В полубреду я вышел в больничный коридор. Шел и чувствовал вибрацию, то ли внутри себя, то ли где-то снаружи. Стало противно, но не внутри, а как-то везде, как будто меня стошнило, не в какое-то определенное место, а везде, внутри и снаружи.

Такую же вибрацию, только наоборот, яркую и светлую, я чувствовал на Самотлоре.

Я вышел из главного входа больницы, по-дурацки размахивая краями аляповатого халата, оглянулся на администратора:

– Курить есть?

– Константин Борисович, – развел руками тот, – вам же нельзя…

– Да ну…

Прошел через ухоженную аллею парка. И увидел большую ель. Обычно такие ели живут лет сто, а то и сто пятьдесят. Я почему-то подумал, что эта ель еще застала мою бабушку, когда та познакомилась со своим первым мужем, ей тогда было лет двадцать. «Вот бы увидеть двадцатилетнюю бабушку!» Я лег под ель, словно это могло помочь.

Представилось, как ель быстро растет, возвышаясь над купеческими домами старой Москвы, даже отбрасывает тень на Кремлевскую стену. Как тянется одной своей веткой прямо к моей юной бабушке, которая чинно идет по Воздвиженке, в сторону Кремля, чтобы встретиться там с великой императрицей…

Но потом я почему-то почувствовал другое, что-то сырое и неприглядное. Как будто бабушка шла-шла к великой императрице, а ее аудиенцию отменили.

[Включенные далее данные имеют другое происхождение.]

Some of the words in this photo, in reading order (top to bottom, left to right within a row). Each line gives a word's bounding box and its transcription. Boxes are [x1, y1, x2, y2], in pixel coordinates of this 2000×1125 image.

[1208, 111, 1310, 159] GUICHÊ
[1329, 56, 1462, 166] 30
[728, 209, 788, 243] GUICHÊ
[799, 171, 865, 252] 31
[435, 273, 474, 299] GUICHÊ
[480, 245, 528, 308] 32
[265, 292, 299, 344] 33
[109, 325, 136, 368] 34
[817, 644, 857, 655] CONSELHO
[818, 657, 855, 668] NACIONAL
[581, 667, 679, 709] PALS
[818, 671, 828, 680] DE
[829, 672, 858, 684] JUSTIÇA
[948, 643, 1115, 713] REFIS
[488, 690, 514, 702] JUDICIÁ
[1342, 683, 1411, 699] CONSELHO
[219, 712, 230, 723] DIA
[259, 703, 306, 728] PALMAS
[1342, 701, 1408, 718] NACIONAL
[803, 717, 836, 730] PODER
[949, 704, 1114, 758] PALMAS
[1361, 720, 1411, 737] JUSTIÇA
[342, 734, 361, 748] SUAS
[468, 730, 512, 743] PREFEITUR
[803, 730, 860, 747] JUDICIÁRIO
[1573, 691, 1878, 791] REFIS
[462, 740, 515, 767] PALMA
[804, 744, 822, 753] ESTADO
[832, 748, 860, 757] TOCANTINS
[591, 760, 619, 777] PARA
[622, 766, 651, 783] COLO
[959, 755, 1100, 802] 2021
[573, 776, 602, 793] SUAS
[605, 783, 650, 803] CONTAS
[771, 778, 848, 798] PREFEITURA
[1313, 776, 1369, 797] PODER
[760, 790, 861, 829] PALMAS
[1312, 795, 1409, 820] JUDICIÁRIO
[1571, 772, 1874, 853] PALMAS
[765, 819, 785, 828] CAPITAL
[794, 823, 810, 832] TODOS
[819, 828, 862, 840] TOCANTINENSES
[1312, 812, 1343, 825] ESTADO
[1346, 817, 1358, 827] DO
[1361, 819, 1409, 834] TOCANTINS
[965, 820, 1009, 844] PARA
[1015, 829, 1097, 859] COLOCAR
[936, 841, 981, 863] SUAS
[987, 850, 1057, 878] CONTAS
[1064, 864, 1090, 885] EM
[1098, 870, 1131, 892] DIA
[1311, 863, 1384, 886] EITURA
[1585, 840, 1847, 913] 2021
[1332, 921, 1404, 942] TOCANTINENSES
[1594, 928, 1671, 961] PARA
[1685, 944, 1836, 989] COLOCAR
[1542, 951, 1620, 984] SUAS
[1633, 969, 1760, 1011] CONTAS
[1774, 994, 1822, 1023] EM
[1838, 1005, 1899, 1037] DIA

Я завернулся в «одеяло» из опавших еловых веток. Полегчало. Опять перенесся на берег озера Самотлор. Он стал для меня каким-то ориентиром. Ведь это что-то типа судьбы. Поезд остановился именно в том месте леса, где охотилась Уса. И я… воспользовался… только чем? Ради чего?

«Великим! – прозвучал голос внутри. – Великим! Великим! Великим! Великим…»

Я перенесся на подводы, которые кое-как двигались к Москве из разрушенного Севастополя.

– Что значит «великим», бабушка?

– Великим – значит лучшим.

– А… – отмахнулся я, как еще никогда не отмахивался от нее. – Лучшим… разве можно быть лучше всех?

– Лучший – не тот, кто лучше.

– Как это?

– А вот так! Лучший… – она, кажется, хотела сказать помягче. – Лучший – тот, кто единственный.

– Единственный? – не понял я.

– Единственный. И… – немного подумала и, слегка улыбнувшись, добавила: – Один.

– Один? Я и так все время один!

Подводы с бабушкой пропали, я снова оказался в зимнике на Самотлоре – единственном месте, где я не был один. Уса была со мной. И не просто была рядом. Но Была!

– Значит, так суждено. И вообще, доверяй этому миру! – бабушка погрозила мне пальцем.

– Доверять, доверять… как ему можно доверять… – пробормотал я и вспомнил обугленный котелок с костями, которые вначале глодали, а потом долго вываривали мои бывшие товарищи по экспедиции.